(Data records begins)

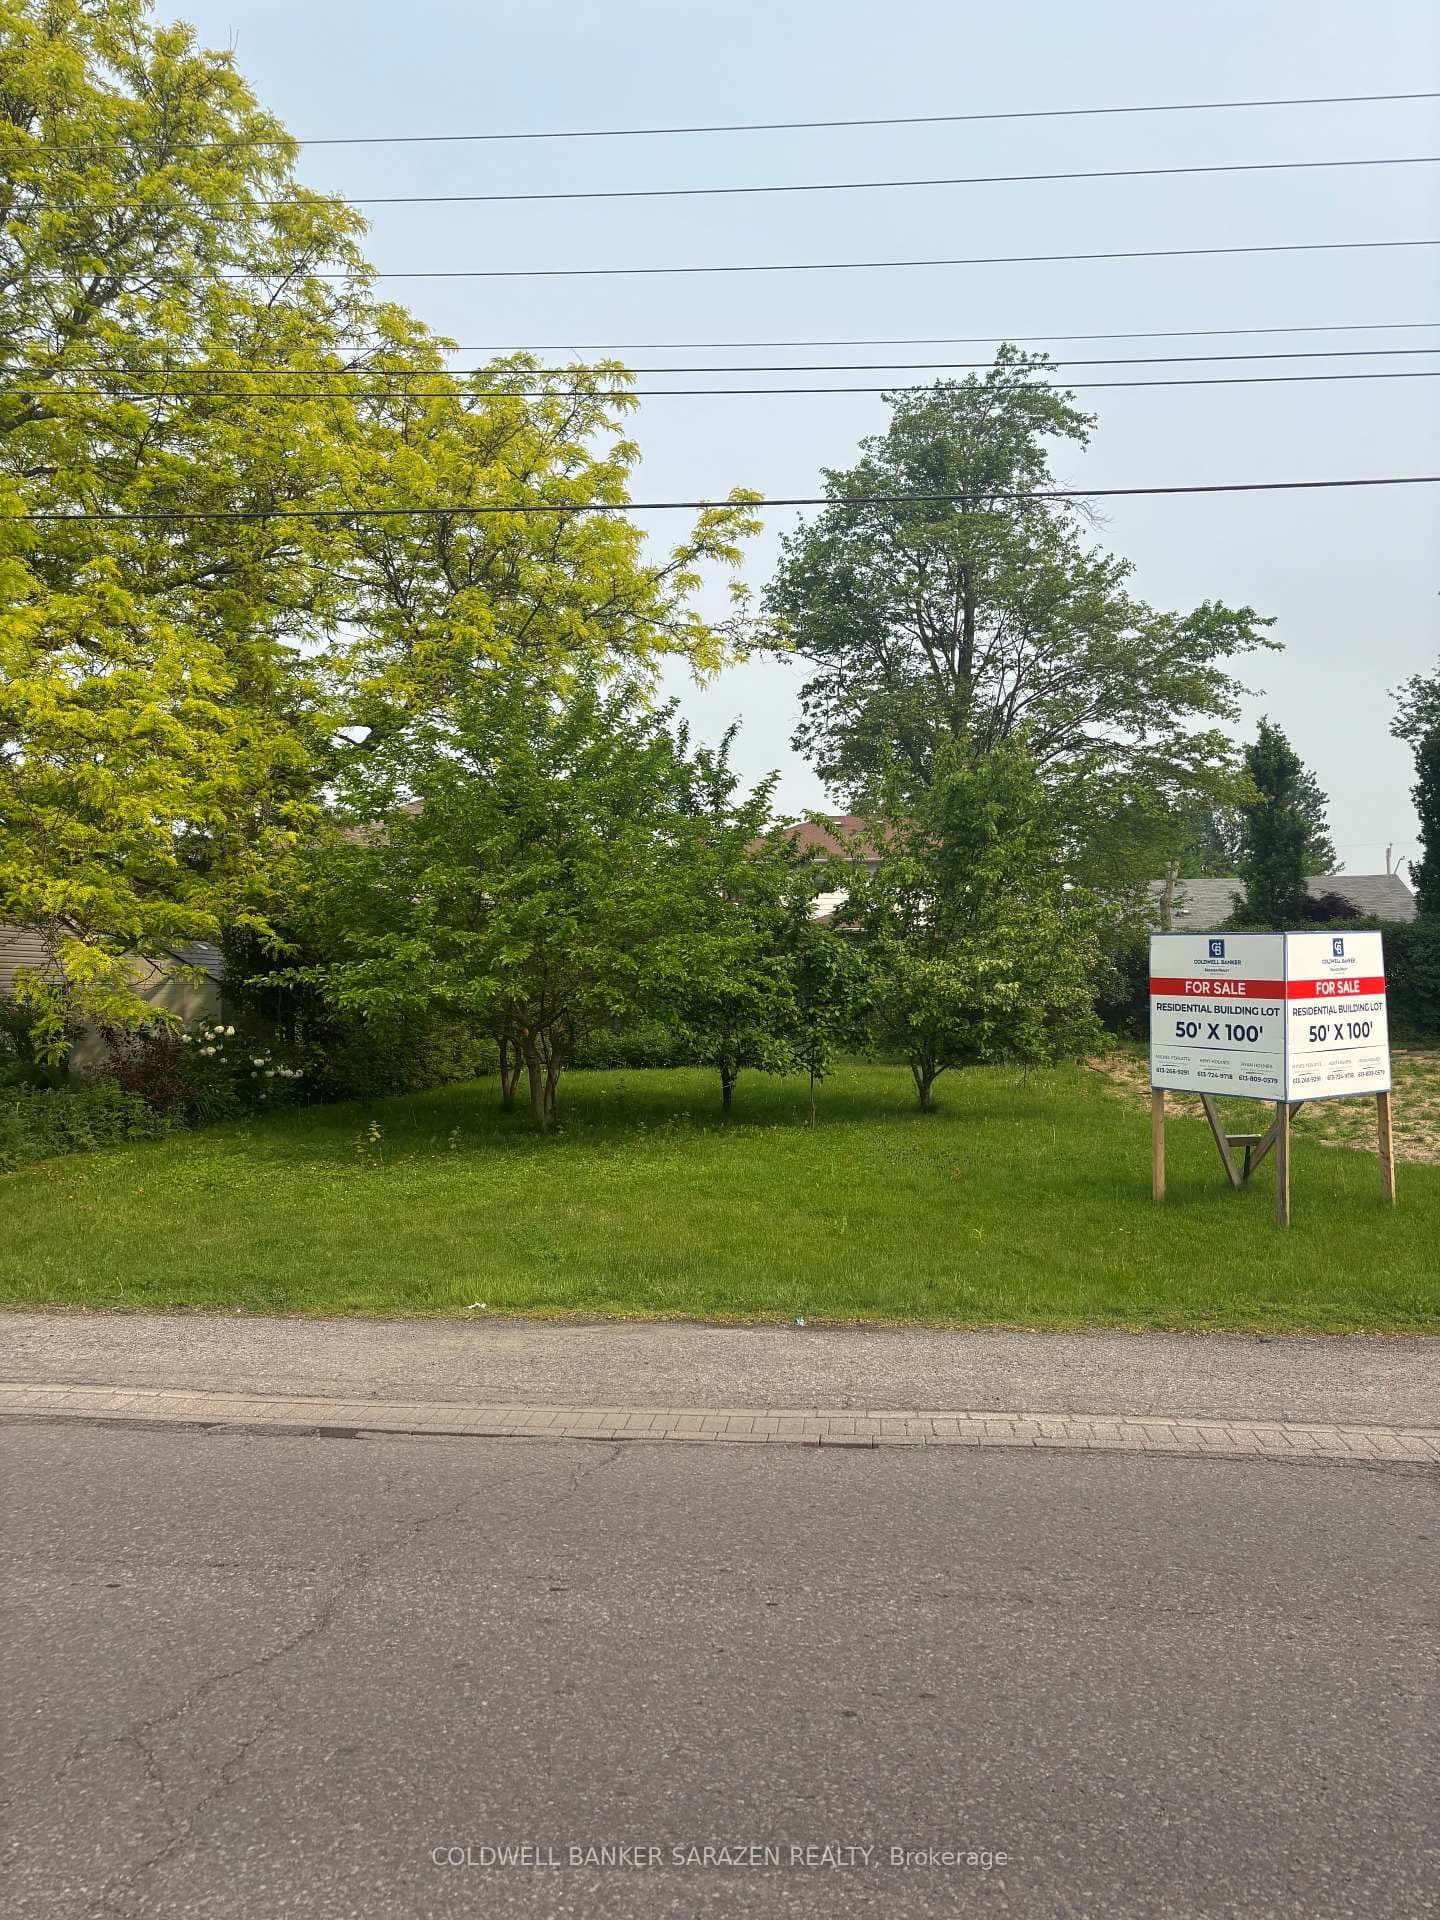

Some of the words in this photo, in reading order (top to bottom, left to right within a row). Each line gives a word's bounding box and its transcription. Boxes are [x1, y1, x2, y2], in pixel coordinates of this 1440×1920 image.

[1185, 981, 1210, 994] FOR
[1213, 982, 1246, 995] SALE
[1315, 982, 1335, 995] FOR
[1337, 980, 1360, 993] SALE
[1156, 1003, 1212, 1014] RESIDENTIAL
[1214, 1006, 1259, 1016] BUILDING
[1261, 1007, 1280, 1016] LOT
[1292, 1005, 1337, 1016] RESIDENTIAL
[1338, 1003, 1369, 1014] BUILDING
[1370, 1002, 1383, 1011] LOT
[1175, 1021, 1202, 1038] 50'
[1207, 1023, 1220, 1040] X
[1225, 1024, 1263, 1042] 100'
[1309, 1024, 1330, 1042] 50'
[1334, 1023, 1344, 1040] X
[1347, 1021, 1373, 1039] 100'
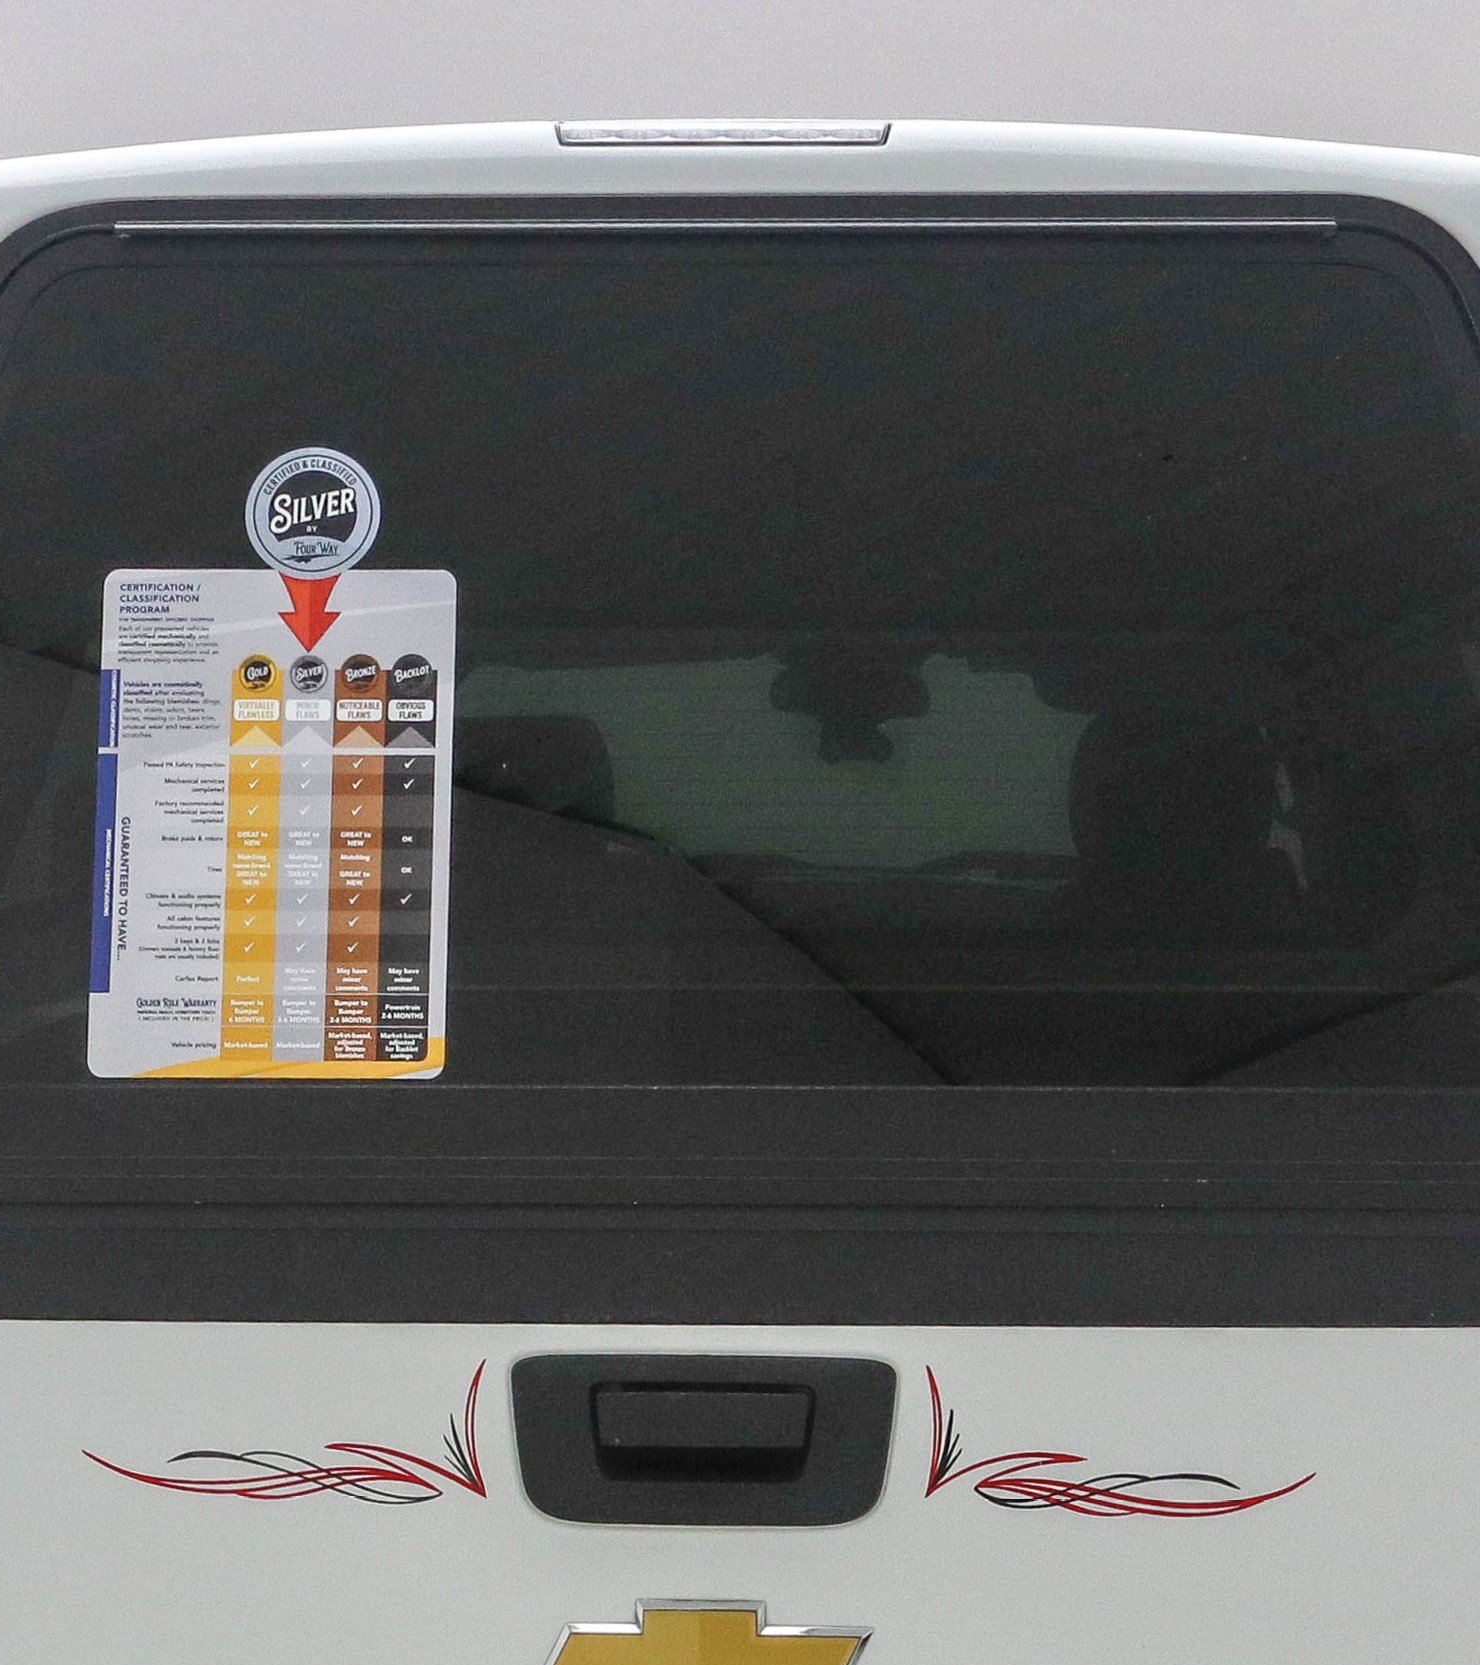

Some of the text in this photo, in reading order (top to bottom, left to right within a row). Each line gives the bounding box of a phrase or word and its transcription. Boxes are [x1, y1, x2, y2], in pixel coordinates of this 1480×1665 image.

[263, 459, 357, 495] CERTIFIED & CLASSIFIED
[270, 488, 355, 534] SILVER
[293, 541, 339, 555] FOUR WAY
[120, 583, 194, 592] CERTIFICATION
[120, 594, 200, 603] CLASSIFICATION
[119, 606, 170, 614] PROGRAM
[246, 667, 269, 680] GOLD
[296, 665, 323, 681] SILVER
[345, 665, 377, 683] BRONZE
[394, 665, 431, 683] BACKLOT
[339, 702, 380, 710] NOTICEABLE
[238, 711, 274, 719] FLAWLESS
[348, 711, 370, 719] FLAWS
[399, 711, 423, 719] FLAWS
[118, 817, 131, 897] GUARANTEED
[117, 900, 129, 916] TO
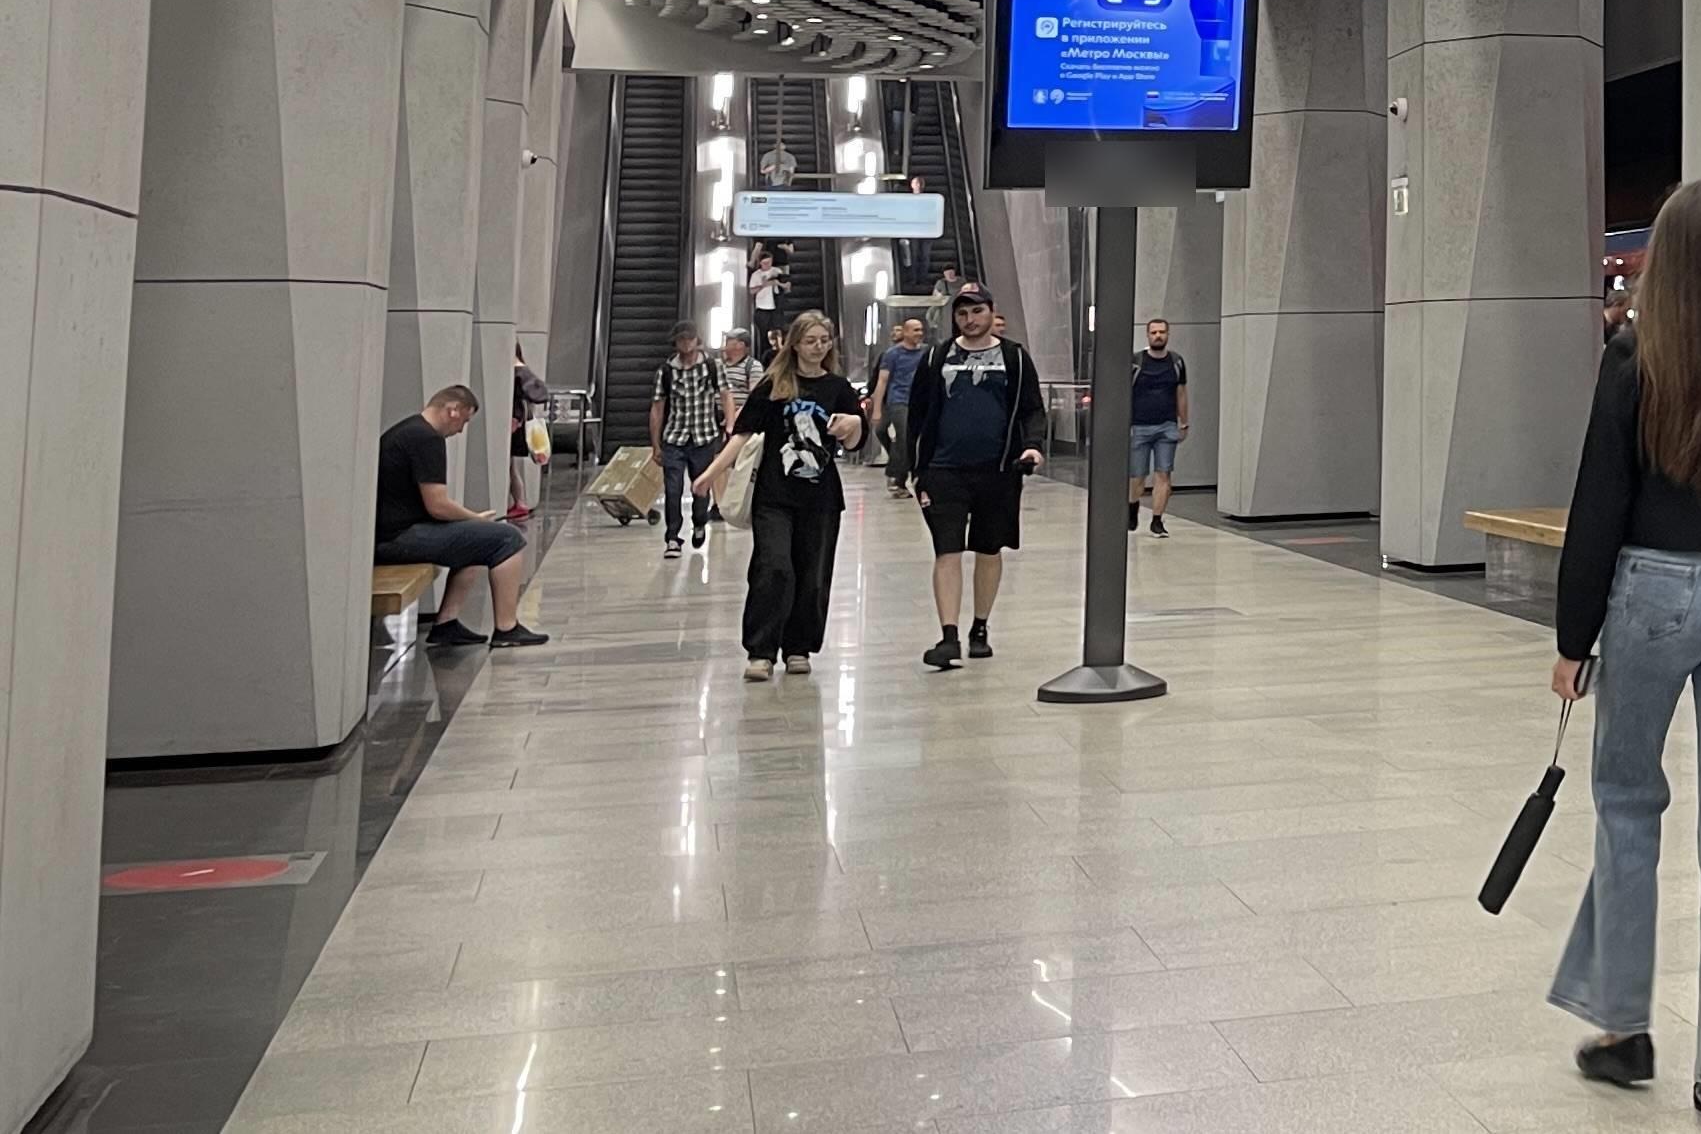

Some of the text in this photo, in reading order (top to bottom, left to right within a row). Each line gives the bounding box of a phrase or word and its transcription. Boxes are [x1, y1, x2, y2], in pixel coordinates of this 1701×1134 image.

[1062, 17, 1167, 32] Регистрируйтесь
[1061, 34, 1150, 45] в приложении

(Data records ends)

Please output the listing above in full, exactly as given, without its images.

* **Response to the exercise**:
Some of the words in this photo, in reading order (top to bottom, left to right within a row). Each line gives a word's bounding box and its transcription. Boxes are [x1, y1, x2, y2], in pixel coordinates of this 1440×1920 image.

[1185, 981, 1210, 994] FOR
[1213, 982, 1246, 995] SALE
[1315, 982, 1335, 995] FOR
[1337, 980, 1360, 993] SALE
[1156, 1003, 1212, 1014] RESIDENTIAL
[1214, 1006, 1259, 1016] BUILDING
[1261, 1007, 1280, 1016] LOT
[1292, 1005, 1337, 1016] RESIDENTIAL
[1338, 1003, 1369, 1014] BUILDING
[1370, 1002, 1383, 1011] LOT
[1175, 1021, 1202, 1038] 50'
[1207, 1023, 1220, 1040] X
[1225, 1024, 1263, 1042] 100'
[1309, 1024, 1330, 1042] 50'
[1334, 1023, 1344, 1040] X
[1347, 1021, 1373, 1039] 100'

Some of the text in this photo, in reading order (top to bottom, left to right within a row). Each line gives the bounding box of a phrase or word and its transcription. Boxes are [x1, y1, x2, y2], in pixel coordinates of this 1480×1665 image.

[263, 459, 357, 495] CERTIFIED & CLASSIFIED
[270, 488, 355, 534] SILVER
[293, 541, 339, 555] FOUR WAY
[120, 583, 194, 592] CERTIFICATION
[120, 594, 200, 603] CLASSIFICATION
[119, 606, 170, 614] PROGRAM
[246, 667, 269, 680] GOLD
[296, 665, 323, 681] SILVER
[345, 665, 377, 683] BRONZE
[394, 665, 431, 683] BACKLOT
[339, 702, 380, 710] NOTICEABLE
[238, 711, 274, 719] FLAWLESS
[348, 711, 370, 719] FLAWS
[399, 711, 423, 719] FLAWS
[118, 817, 131, 897] GUARANTEED
[117, 900, 129, 916] TO

Some of the text in this photo, in reading order (top to bottom, left to right within a row). Each line gives the bounding box of a phrase or word and its transcription. Boxes are [x1, y1, x2, y2], in pixel coordinates of this 1701×1134 image.

[1062, 17, 1167, 32] Регистрируйтесь
[1061, 34, 1150, 45] в приложении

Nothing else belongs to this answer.